1. 1. Repeated administrations of trazodone as well as imipramine or mianserin(10 mg/kg i.p. twice daily for 3 weeks) attenuated the norepinephrine (NE) stimulation of adenylate cyclase studied in brain minces. Therefore trazodone shares with “tricyclic” (imipramine) and “atypic” (mianserin) antidepressants the capability to modulate the beta-adrenergic function. 2. 2. Daily treatments with imipramine or trazodone enhanced the Vmax of neural uptake of serotonin (5HT) in minces prepared from rat frontal cortex; in contrast mianserin failed to modify the [ 3H]-5HT uptake. 3. 3. Repeated administrations of imipramine but not of trazodone or mianserin reduced the maximum number of [ 3H]-imipramine recognition sites which are located on serotonergic axon terminals. 4. 4. Differently, only repeated administration of trazodone decreased Bmax values of [ 3H]-mianserin binding sites which are located on membranes innervated by serotonergic neurons.
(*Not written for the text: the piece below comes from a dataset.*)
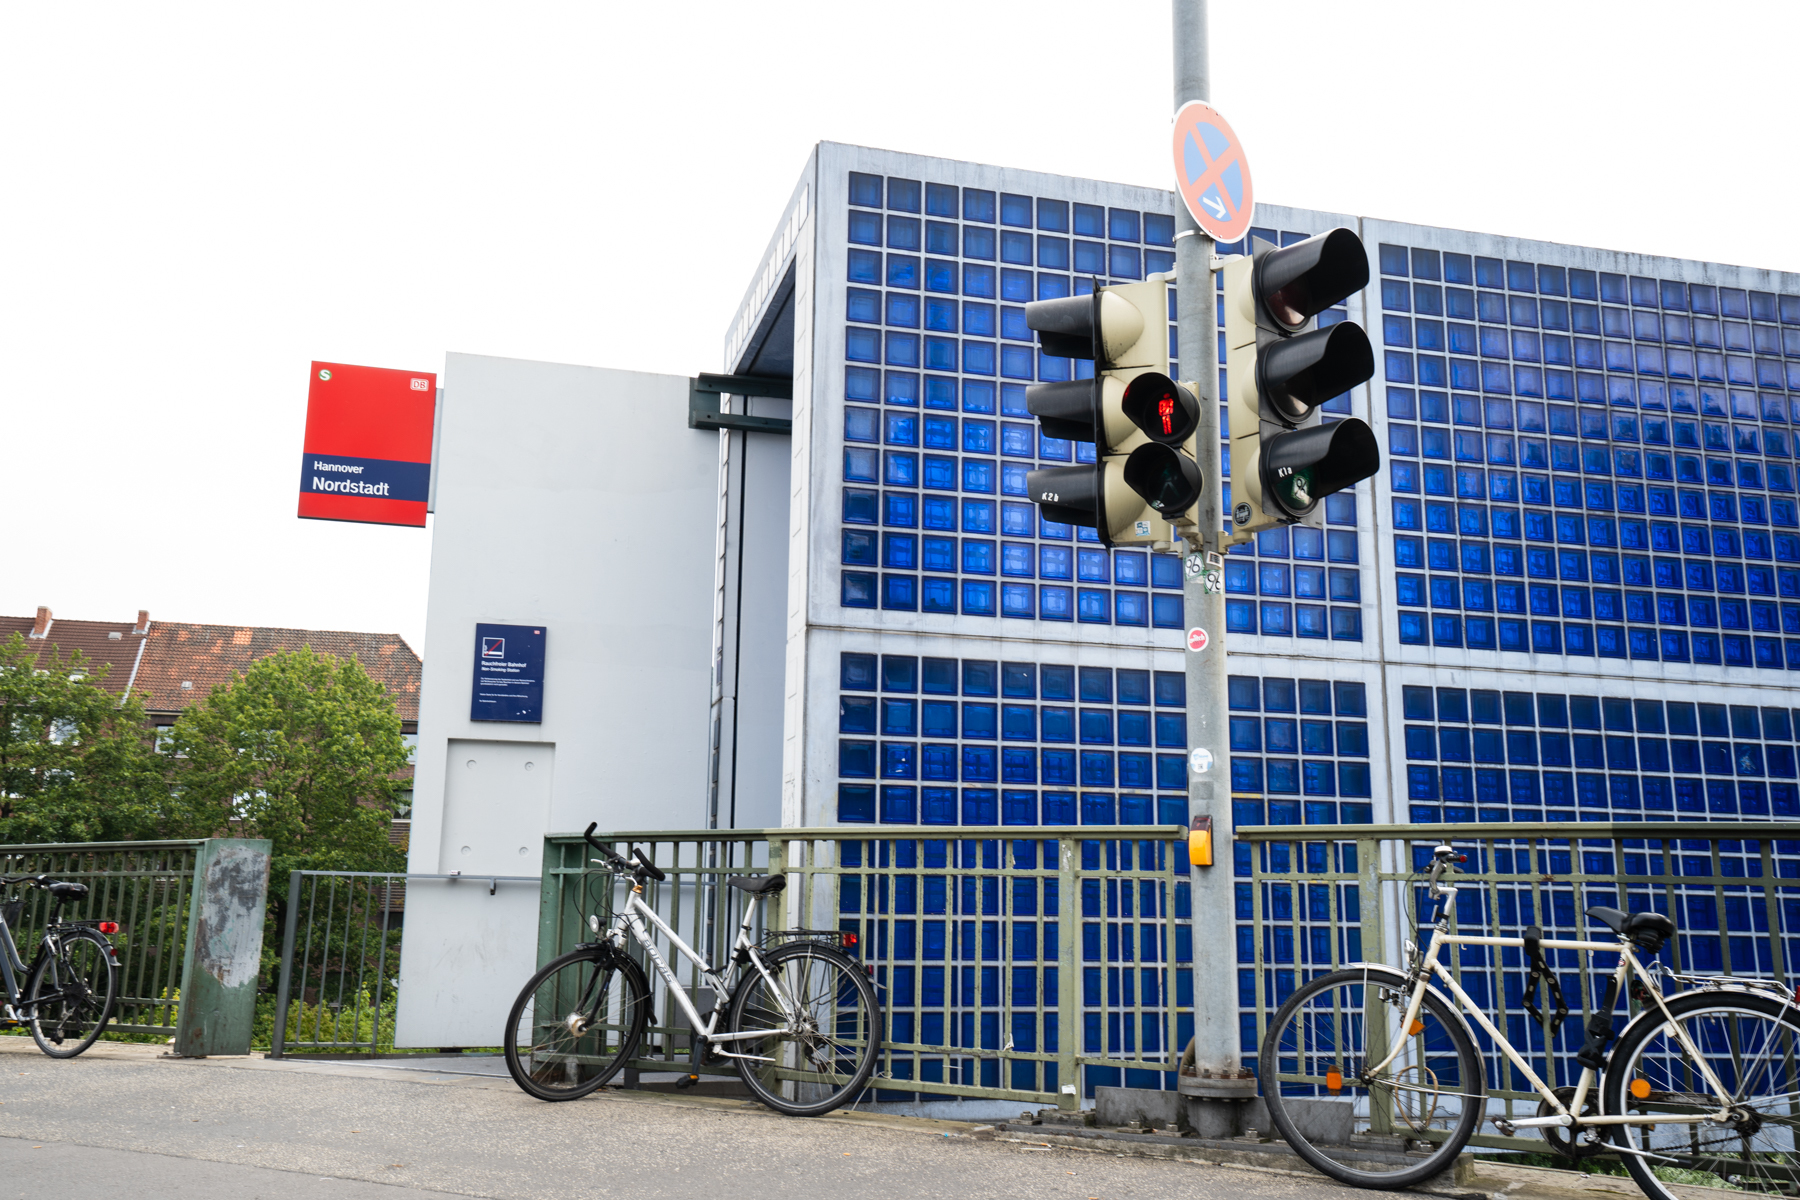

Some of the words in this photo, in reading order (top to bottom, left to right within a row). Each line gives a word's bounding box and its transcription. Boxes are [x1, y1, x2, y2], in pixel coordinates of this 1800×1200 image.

[319, 370, 332, 381] S
[412, 380, 427, 389] DB
[314, 460, 364, 474] Hannover
[312, 476, 390, 496] Nordstadt
Moreover trazodone did not change the number or affinity of 5HT 2 receptors either after single or repeated administrations; in contrast even a single administration with mianserin or repeated administrations with imipramine down-regulated [ 3H]-ketanserin specific binding in membranes prepared from the frontal cortex. 5. 5. Our observations therefore suggest that trazodone, imipramine or mianserin exerts similar effects on the adenylate cyclase system, by acting on a interneuronal loop which links serotonergic and noradrenergic transmission function. However, its exact mechanism of action, in part resembling both tricyclic and atypic antidepressants, requires further exhamination.